A small group of people waited in Frick Park Thursday morning for the arrival of a brown horse trailer pulled by a red pickup truck. When 11 goats and a donkey stepped out, the cute critters from Allegheny GoatScape were greeted with enthusiasm — especially by the small children.

The excitement increased when the head goat herder announced that volunteers were needed to walk the leashed goats and donkey through the park’s beautiful wooded trails to the Clayton Hill area. The goats have been “hired” by the Pittsburgh Parks Conservancy to eat bush honeysuckle, poison ivy, invasive vines and other weeds. 

I had doubts about how the goat trek would go, but it turns out leash-walking goats is easier than herding cats. Goats are herd animals, and they really just want to stay with the other goats, GoatScape volunteer Mary Lou Dixon explained.

Even in the hands of inexperienced handlers, Angel, Wimpy, Mae, Reuben, Butter Bailey, Cowboy, Ozark, Doc, Cinnamon Sugar, Kama and Roxanne all walked nicely on leash.

Roxanne, a floppy-eared Nubian, wasn’t happy about being last in line. I was her walker, and younger, fitter, faster goat handlers were steadily leading their goats farther and farther away from Roxanne. I picked up my pace to accommodate her, and Roxanne slowed down a bit to accommodate me. 

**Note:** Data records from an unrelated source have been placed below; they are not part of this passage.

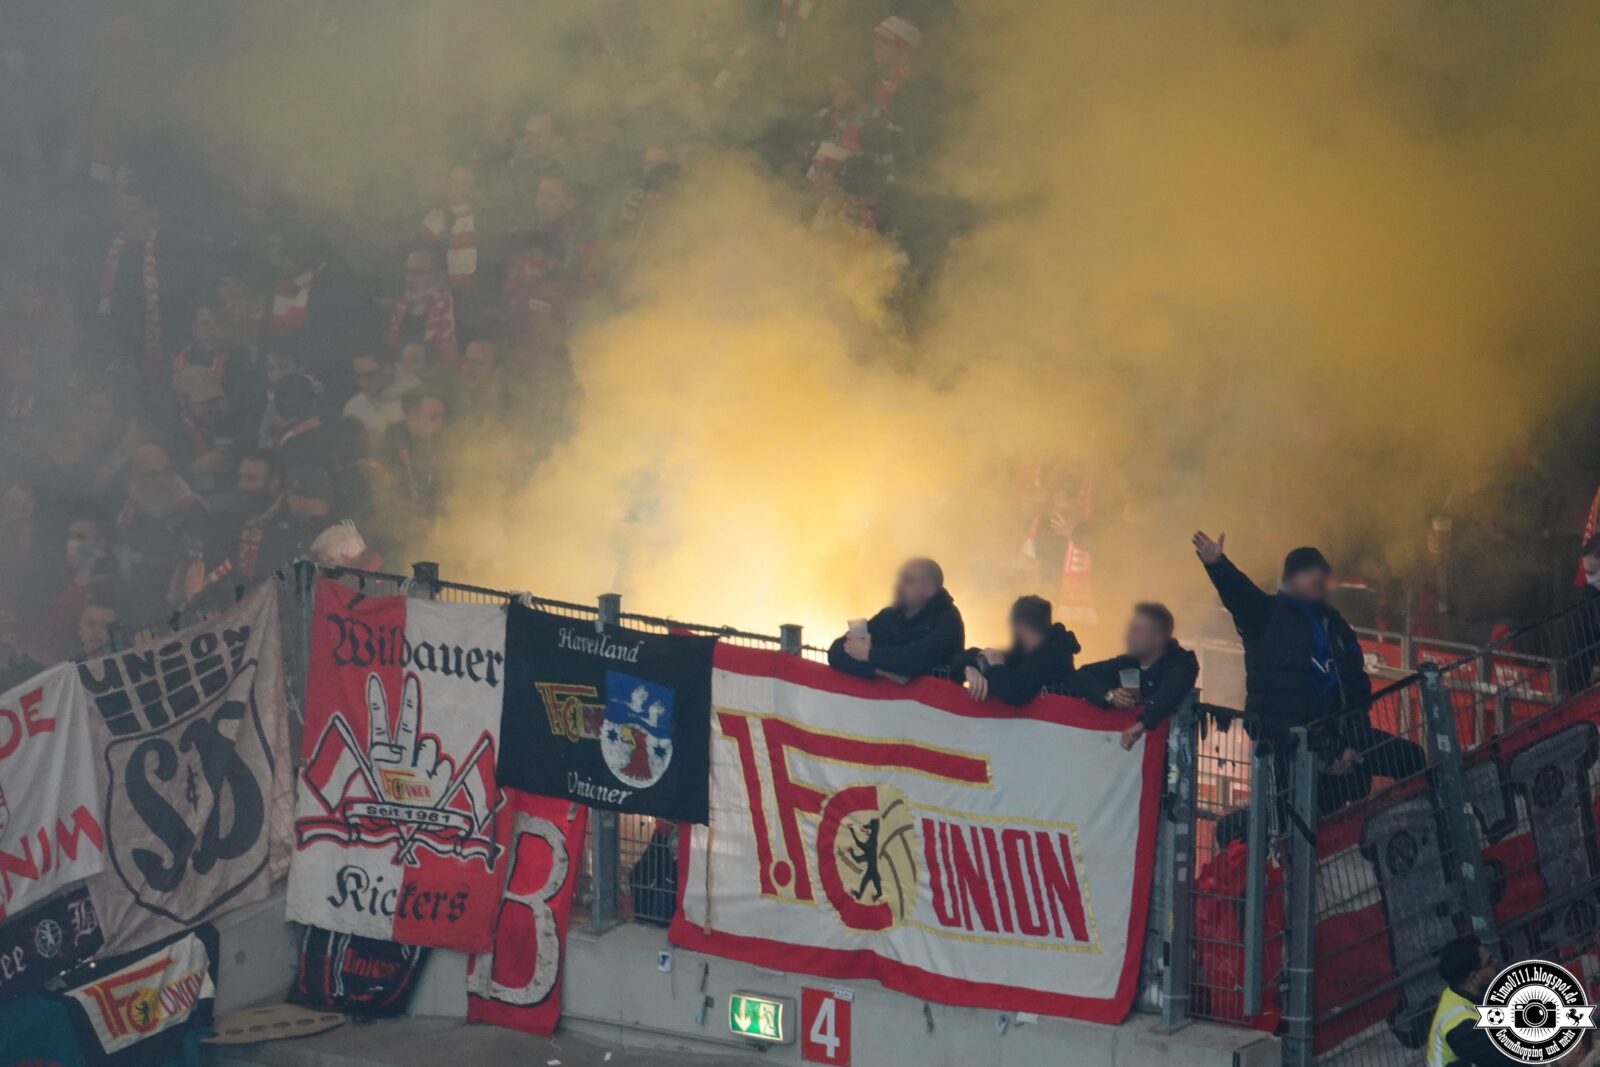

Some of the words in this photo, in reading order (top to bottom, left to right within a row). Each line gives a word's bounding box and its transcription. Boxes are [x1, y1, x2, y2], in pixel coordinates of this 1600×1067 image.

[326, 612, 504, 688] Wildauer
[366, 805, 400, 818] Seit
[326, 864, 468, 922] Kickers
[921, 816, 1090, 943] UNION
[810, 997, 840, 1058] 4

When we unleashed the goats in an area fenced in for their safety, they immediately got busy eating weeds. 

Hobo the mini donkey stays with the goats to guard them, said head goat-herder Gavin Deming, whose real title is founder and executive director of Allegheny GoatScape. He has seen Hobo in action.

One day when Mr. Deming was checking on his weed-eaters, a dog running loose jumped the fence to get in with the goats. 

“Hobo quickly cornered the dog, keeping it away from the goats,” he said, noting that he quickly removed the dog. “I don’t know what would have happened if I wasn’t there.”

Hobo and the goat herd will stay in Frick Park through the fall. Then they’ll go back to work in a city park on the South Side Slopes. They’ll return to Frick Park in 2021, because there’s never a shortage of weeds. 

Allegheny GoatScape is a nonprofit, but it takes money to transport, shelter, feed and provide veterinary care. A $38,000 grant from the National Fish and Wildlife Foundation will pay for their work at Frick Park and other areas, said Phil Gruszka, the Pittsburgh Parks Conservancy’s director of horticulture and forestry. 

Propel schools had planned to participate, but it’s not clear what students and staff can do during the pandemic.

Though the Frick Environmental Center on Beechwood Boulevard is closed because of the pandemic, Frick Park is open to all. On Thursday, I saw many dog walkers, hikers and bird watchers. 

Two friendly “birders” pointed out a young red-tailed hawk perched atop a light pole. It was a rare treat to see a young raptor close up, calmly watching us as we watched him.

Though we were outside and easily able to practice social distancing, everyone wore face masks — park staff, Mr. Deming and his employees and volunteers and visitors, including young children.